*Assignment*
Transcribe all the entries word for word, but omit the images.

++++ Data extracts

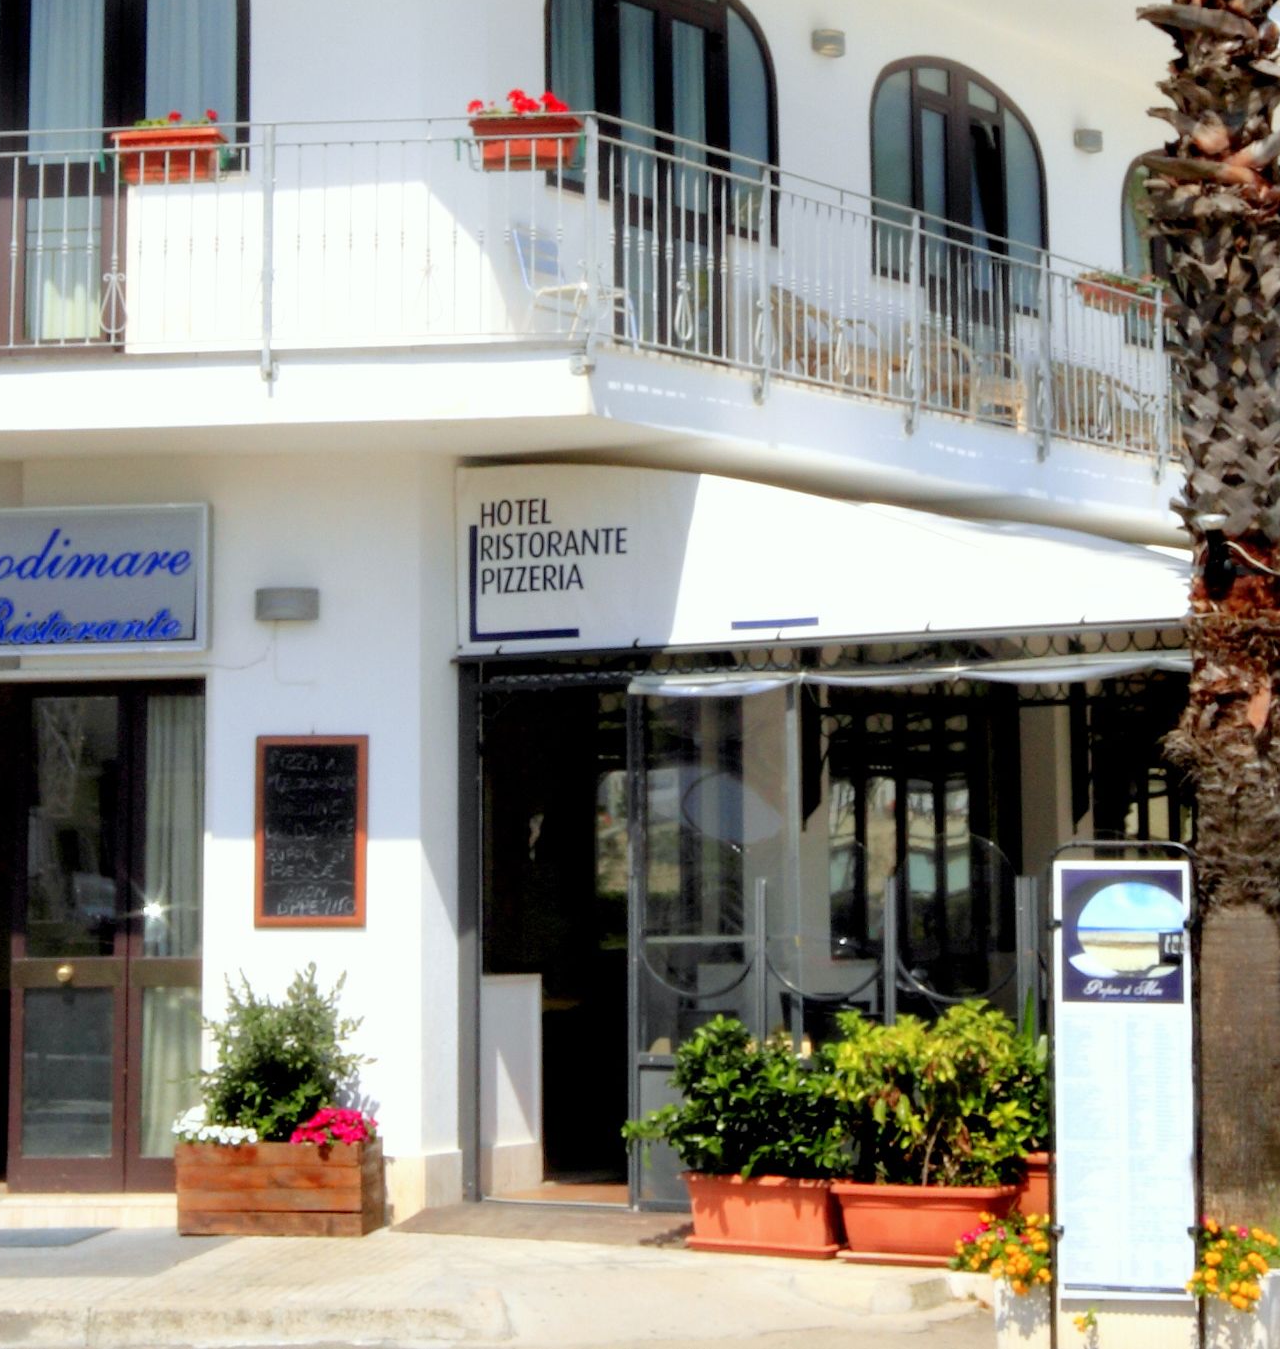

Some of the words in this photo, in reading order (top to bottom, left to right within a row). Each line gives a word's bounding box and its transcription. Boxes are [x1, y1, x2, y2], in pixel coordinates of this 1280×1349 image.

[479, 498, 552, 528] HOTEL
[479, 527, 628, 562] RISTORANTE
[481, 564, 584, 595] PIZZERIA
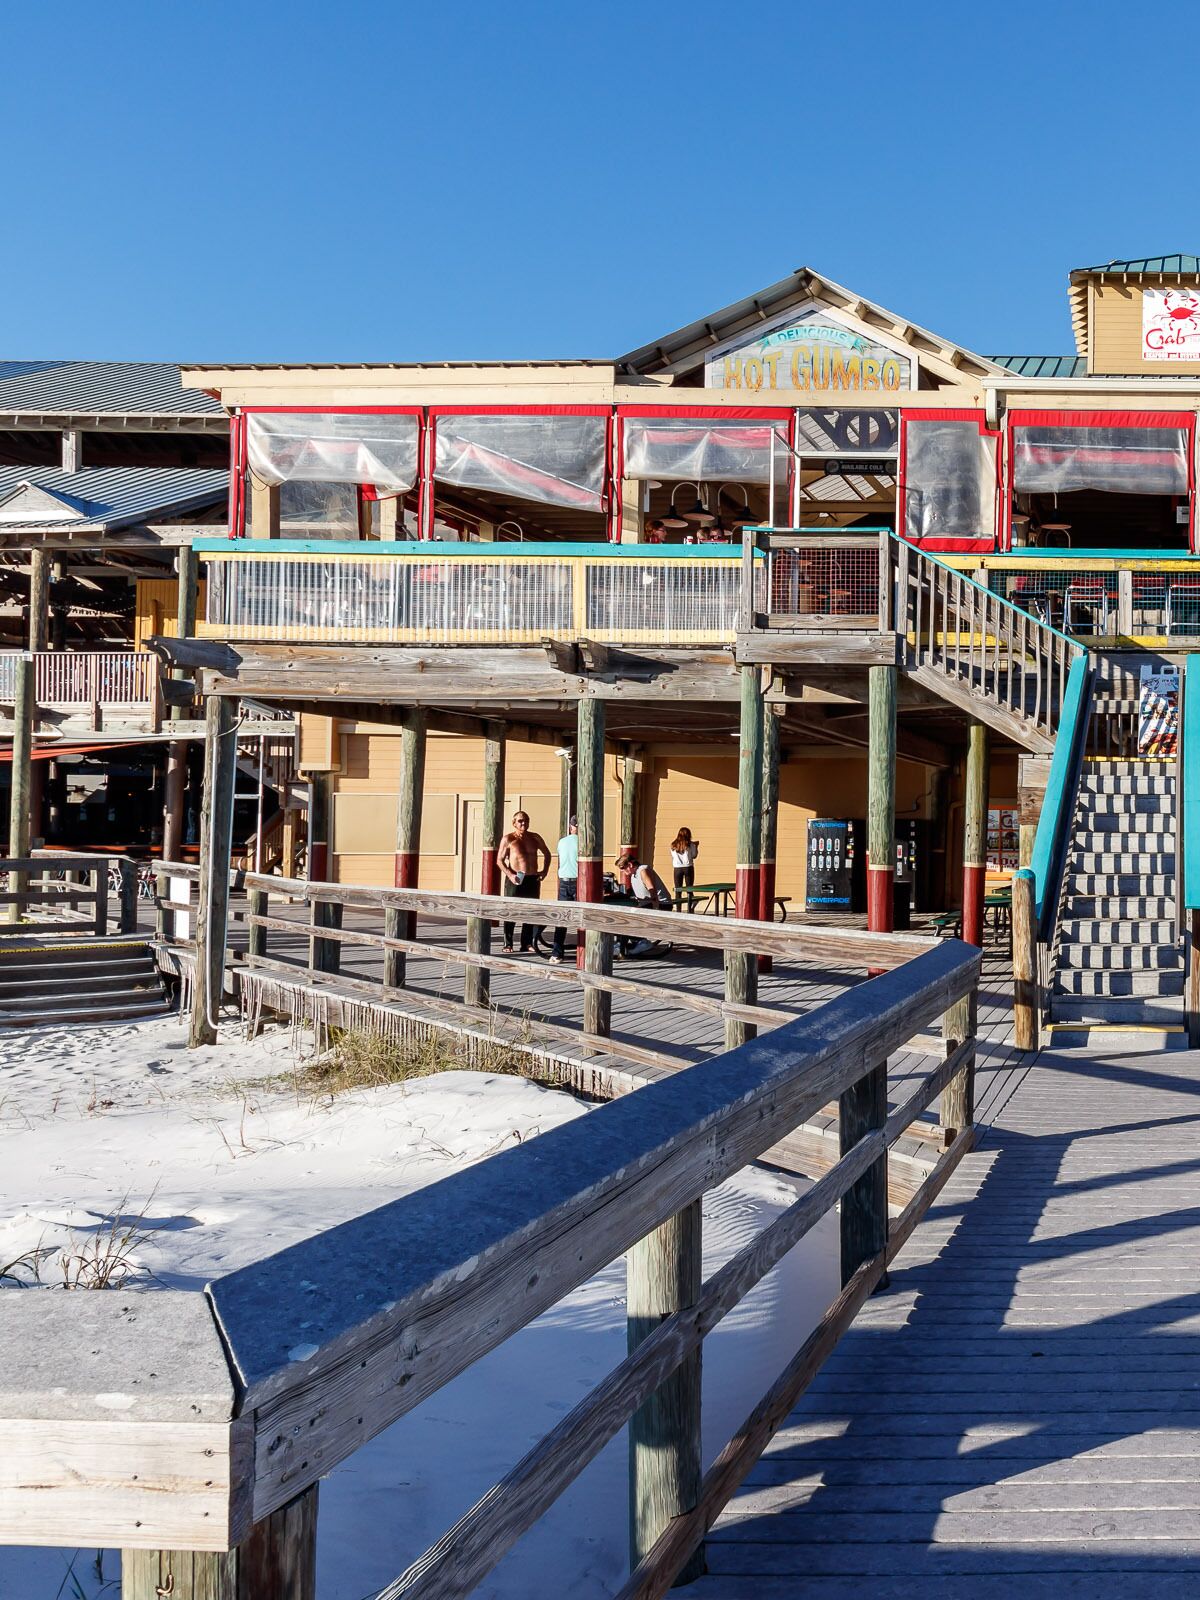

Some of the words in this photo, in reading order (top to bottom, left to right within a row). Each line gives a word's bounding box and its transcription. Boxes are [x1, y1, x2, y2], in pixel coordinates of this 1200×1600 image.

[777, 328, 848, 342] DELICIOUS
[724, 351, 784, 390] HOT
[790, 345, 900, 391] GUMBO

++++++++

*Exercise output*
Some of the words in this photo, in reading order (top to bottom, left to right within a row). Each line gives a word's bounding box and its transcription. Boxes are [x1, y1, x2, y2], in pixel coordinates of this 1280×1349 image.

[479, 498, 552, 528] HOTEL
[479, 527, 628, 562] RISTORANTE
[481, 564, 584, 595] PIZZERIA

Some of the words in this photo, in reading order (top to bottom, left to right within a row). Each line gives a word's bounding box and its transcription. Boxes are [x1, y1, x2, y2], in pixel coordinates of this 1200×1600 image.

[777, 328, 848, 342] DELICIOUS
[724, 351, 784, 390] HOT
[790, 345, 900, 391] GUMBO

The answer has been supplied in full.